Als Ergebnis der Debatte wird das EU-Parlament morgen über eine Entschließung entscheiden, die unter anderem die Europäische Kommission auffordert sicherzustellen, dass die ungarischen Behörden EU-Gelder auf der Grundlage des Grundsatzes der Nichtdiskriminierung verwenden, damit das Land dies nicht kann bis dahin Mittel aus einzelnen Abschnitten des Rahmenhaushalts 2021-2027 von ihren Stiftungen erhalten, solange mögliche Rechtsverstöße vorliegen.

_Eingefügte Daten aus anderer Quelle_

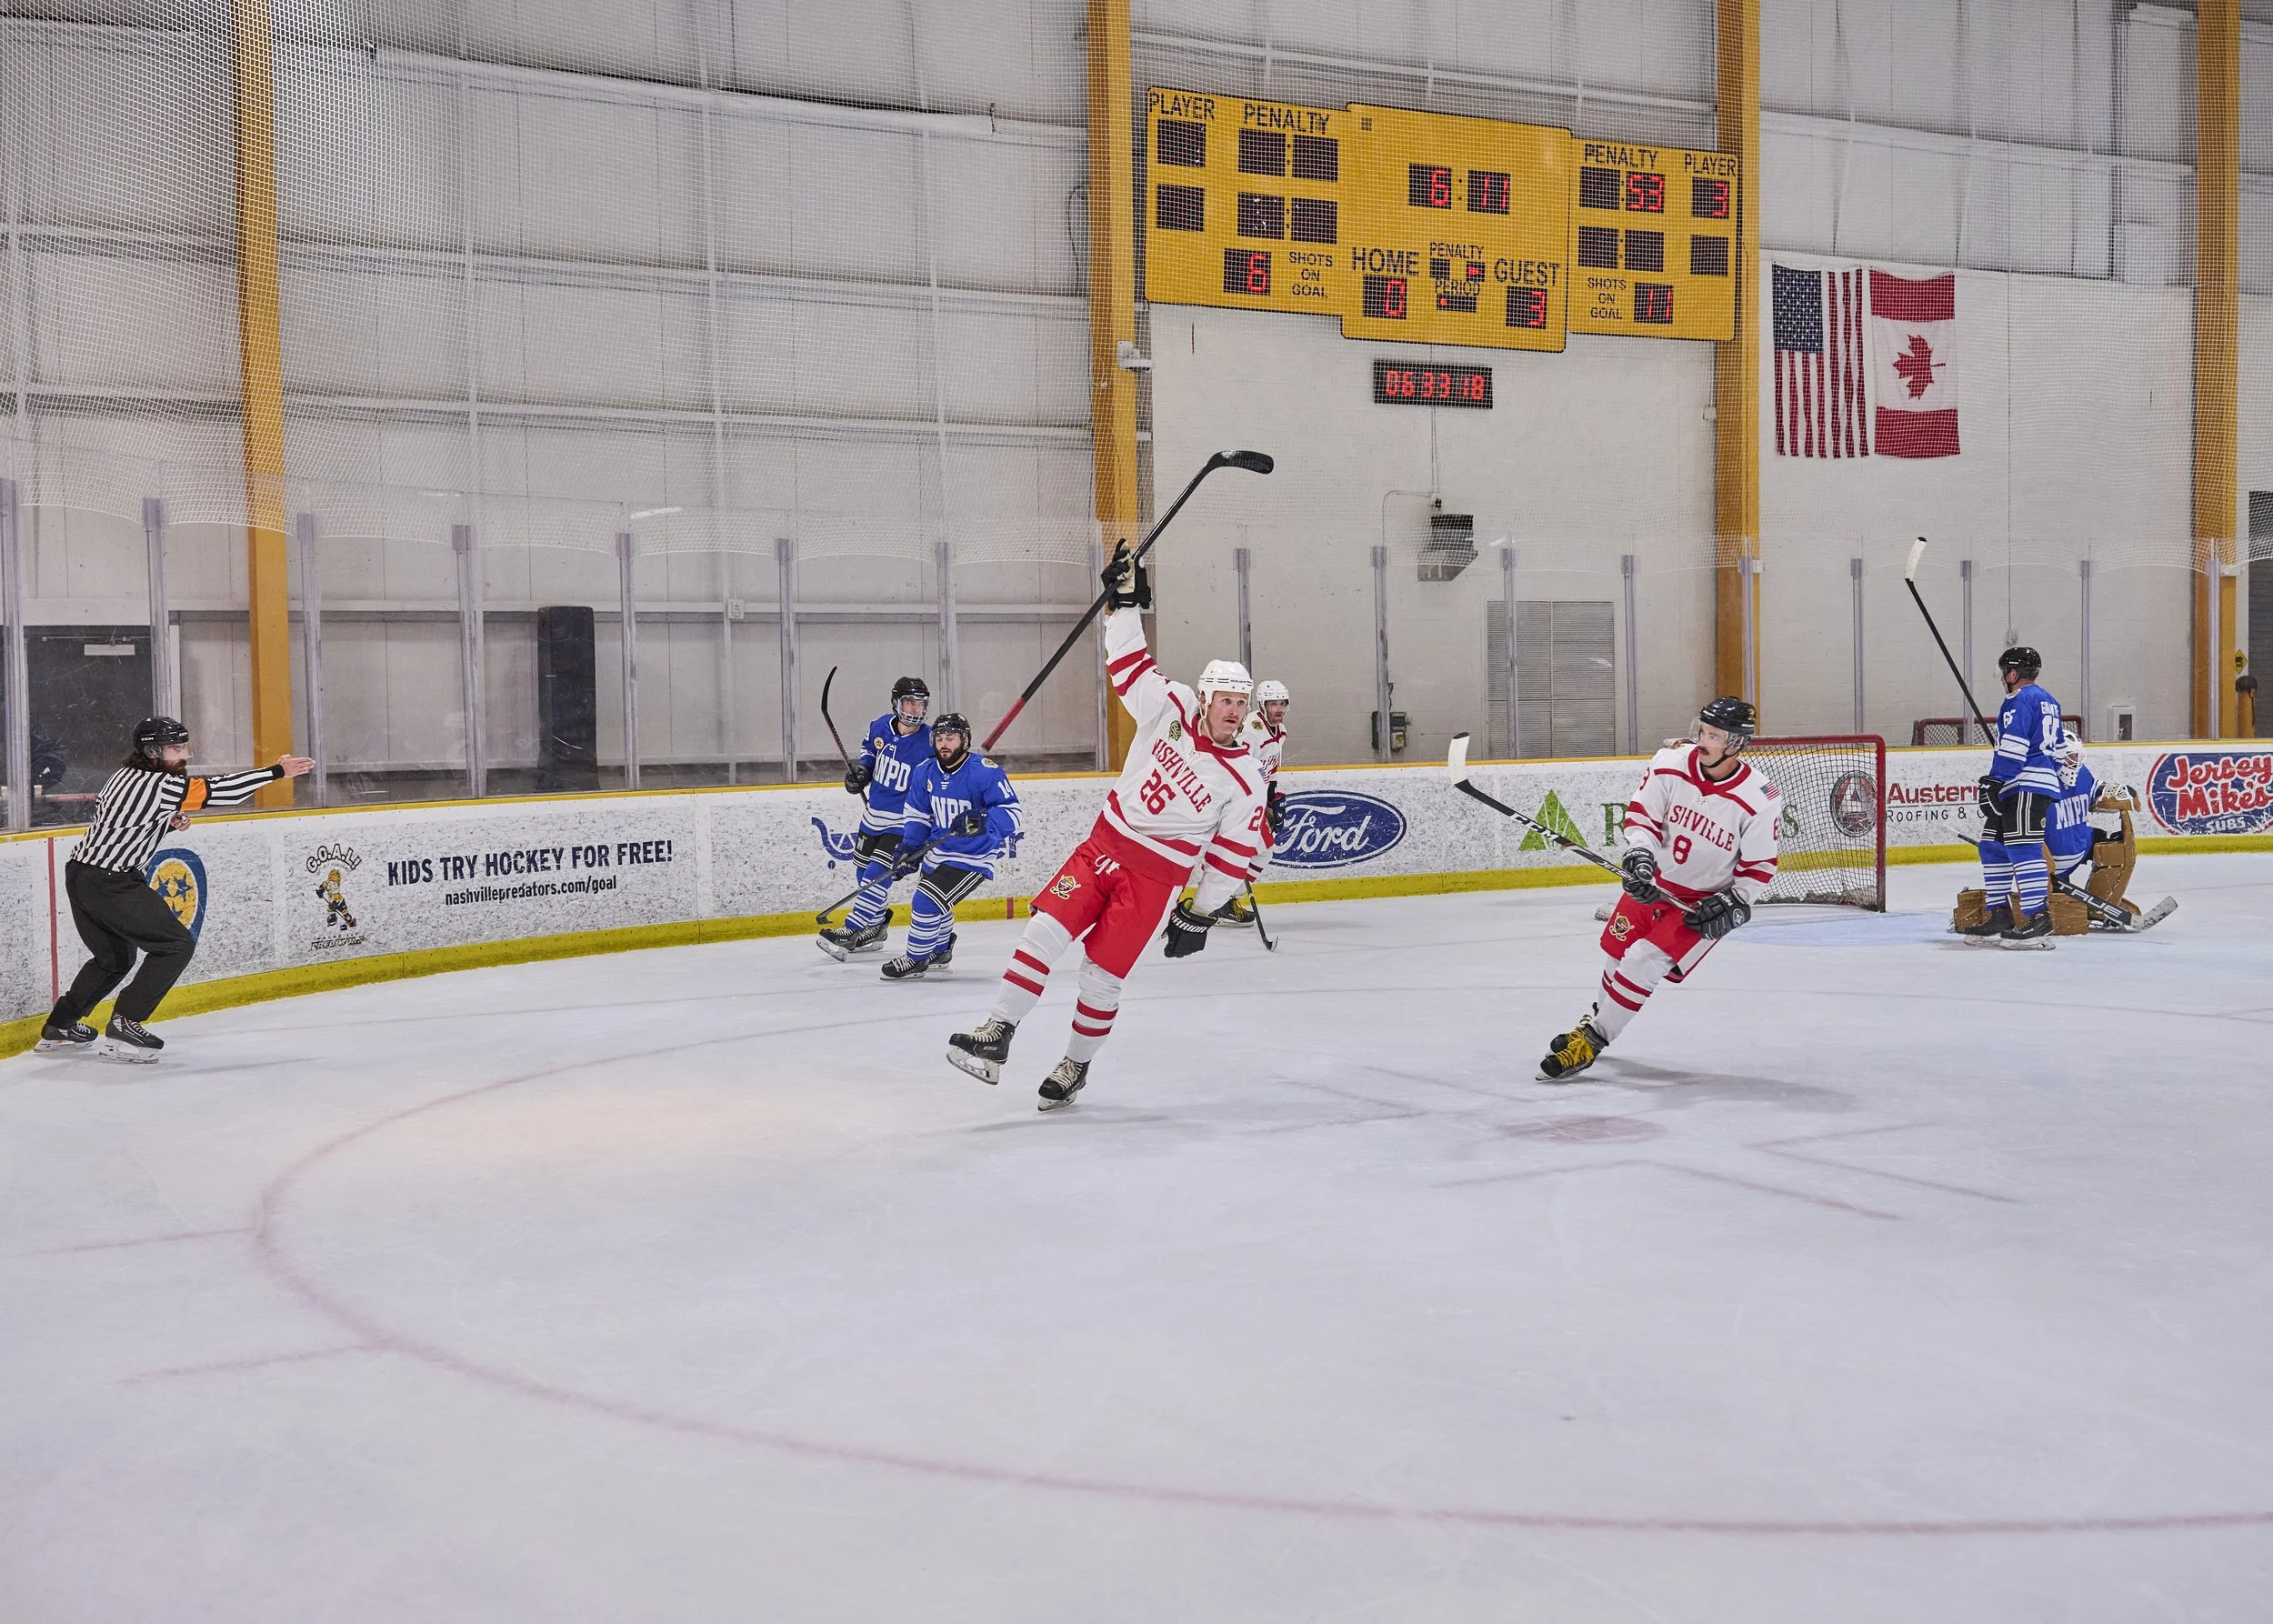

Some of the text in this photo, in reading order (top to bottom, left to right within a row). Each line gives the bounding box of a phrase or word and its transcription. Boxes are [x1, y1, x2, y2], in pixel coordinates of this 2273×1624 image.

[1148, 92, 1215, 120] PLAYER
[1243, 104, 1330, 135] PENALTY
[1585, 143, 1658, 169] PENALTY
[1684, 153, 1737, 176] PLAYER
[1713, 182, 1727, 216] 3
[1288, 250, 1333, 267] SHOTS
[1351, 246, 1419, 276] HOME
[1429, 241, 1485, 259] PENALTY
[1247, 253, 1267, 293] 6
[1301, 269, 1321, 282] ON
[1494, 258, 1560, 286] GUEST
[1587, 276, 1627, 290] SHOTS
[1291, 283, 1328, 298] GOAL
[1385, 279, 1406, 316] 0
[1435, 278, 1480, 297] PERIOD
[1597, 292, 1616, 305] ON
[1528, 290, 1546, 326] 3
[1590, 307, 1623, 320] GOAL
[2168, 755, 2273, 789] Jersey
[997, 778, 1016, 799] 14
[1139, 767, 1177, 816] 26
[2178, 781, 2273, 820] Mike's
[1273, 804, 1372, 854] Ford
[1886, 807, 1948, 823] ROOFING
[1958, 807, 1968, 819] &
[2207, 817, 2246, 832] SUBS
[387, 858, 434, 886] KIDS
[439, 854, 478, 881] TRY
[485, 847, 565, 877] HOCKEY
[571, 844, 611, 869] FOR
[616, 839, 673, 866] FREE!
[1672, 834, 1693, 865] 8
[445, 875, 617, 906] nashvillepredators.com/goal
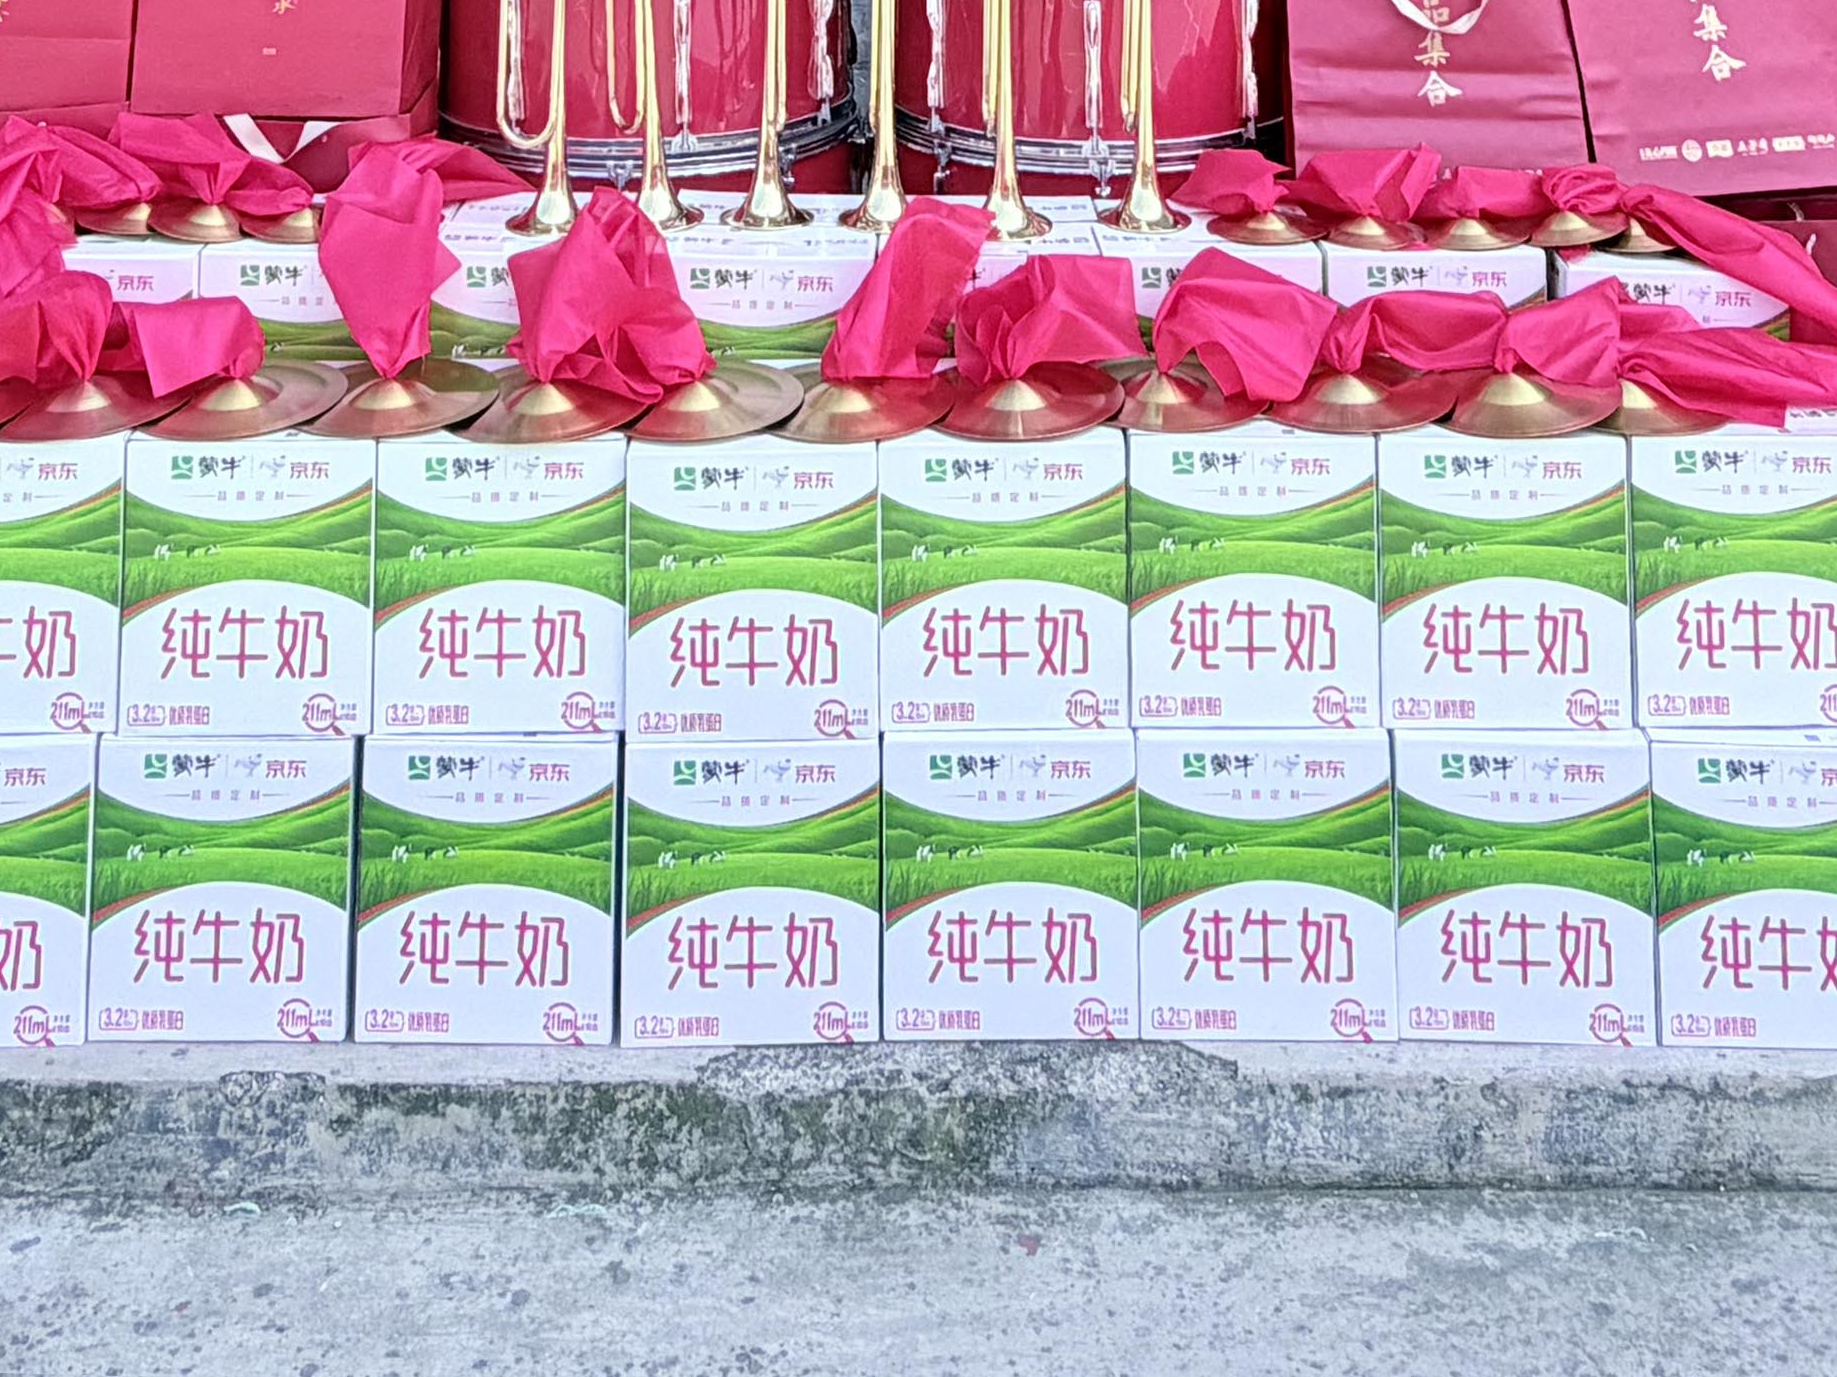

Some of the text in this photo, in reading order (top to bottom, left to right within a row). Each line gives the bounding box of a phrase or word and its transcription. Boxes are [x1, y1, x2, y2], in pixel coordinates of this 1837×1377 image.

[116, 275, 154, 292] 京东
[265, 266, 304, 287] 蒙牛
[714, 267, 835, 292] 蒙牛 京东
[1391, 266, 1507, 288] 蒙牛 京东
[1715, 290, 1752, 308] 京东
[38, 463, 77, 480] 京东
[198, 455, 329, 479] 蒙牛 京东
[452, 456, 583, 480] 蒙牛 京东
[951, 457, 1082, 481] 蒙牛 京东
[1199, 451, 1330, 475] 蒙牛 京东
[1451, 455, 1581, 479] 蒙牛 京东
[1701, 449, 1831, 473] 蒙牛 京东
[700, 466, 833, 490] 蒙牛 京东
[161, 605, 328, 679] 纯牛奶
[418, 604, 586, 678] 纯牛奶
[921, 604, 1089, 677] 纯牛奶
[1169, 598, 1336, 671] 纯牛奶
[1422, 601, 1589, 674] 纯牛奶
[669, 613, 838, 687] 纯牛奶
[5, 768, 45, 786] 京东
[172, 753, 306, 778] 蒙牛 京东
[436, 755, 569, 782] 蒙牛 京东
[701, 759, 835, 784] 蒙牛 京东
[956, 754, 1091, 779] 蒙牛 京东
[1210, 752, 1345, 778] 蒙牛 京东
[1469, 754, 1604, 782] 蒙牛 京东
[1725, 758, 1772, 784] 蒙牛
[134, 907, 304, 983] 纯牛奶
[399, 909, 569, 987] 纯牛奶
[667, 912, 838, 989] 纯牛奶
[926, 907, 1098, 983] 纯牛奶
[1181, 906, 1354, 983] 纯牛奶
[1439, 908, 1613, 987] 纯牛奶

In der Debatte um das ungarische Kinderschutzgesetz präsentierten zunächst Vertreter der Europäischen Kommission und des Rates ihre Positionen. Věra Jourová, die liberale Vizepräsidentin der EG, erläuterte ausführlich, mit welcher EU-Gesetzgebung die ungarische Verordnung ihrer Meinung nach in Konflikt geraten könnte.

Wir haben das Antwortschreiben der ungarischen Behörden erhalten, wir analysieren es jetzt, sagte er und verwies darauf, dass der Europäische Gerichtshof Budapest zuvor seine rechtlichen Bedenken mitgeteilt hatte, zu denen die schriftliche Antwort bereits in Brüssel eingetroffen war.

Laut Jourová ist das Komitee bereit, die Rechtsstaatlichkeit mit allen Mitteln zu verteidigen. In Bezug auf das Kinderschutzgesetz wiederholte er Ursula von der Leyens Worte, dass das Gesetz Pornografie mit Homosexualität verwechsele.

Bezüglich des sogenannten Rechtsstaatsverfahrens gegen Ungarn nach Artikel 7 erklärte er, dass er ebenso wie im polnischen Fall keine positiven Entwicklungen, ja sogar einen Niedergang der Demokratie sehe.

In der Debatte sprach die slowenische Außenministerin Anže Logar davon, dass Familienpolitik zwar in die Zuständigkeit der Mitgliedsstaaten falle, die grundlegenden EU-Verträge Diskriminierung jedoch konkret verbieten. Er bekräftigte, dass auch die slowenische EU-Ratspräsidentschaft die Praxis des „Rechtsstaatsdialogs“ der deutschen und portugiesischen Ratspräsidentschaft fortsetzen wolle.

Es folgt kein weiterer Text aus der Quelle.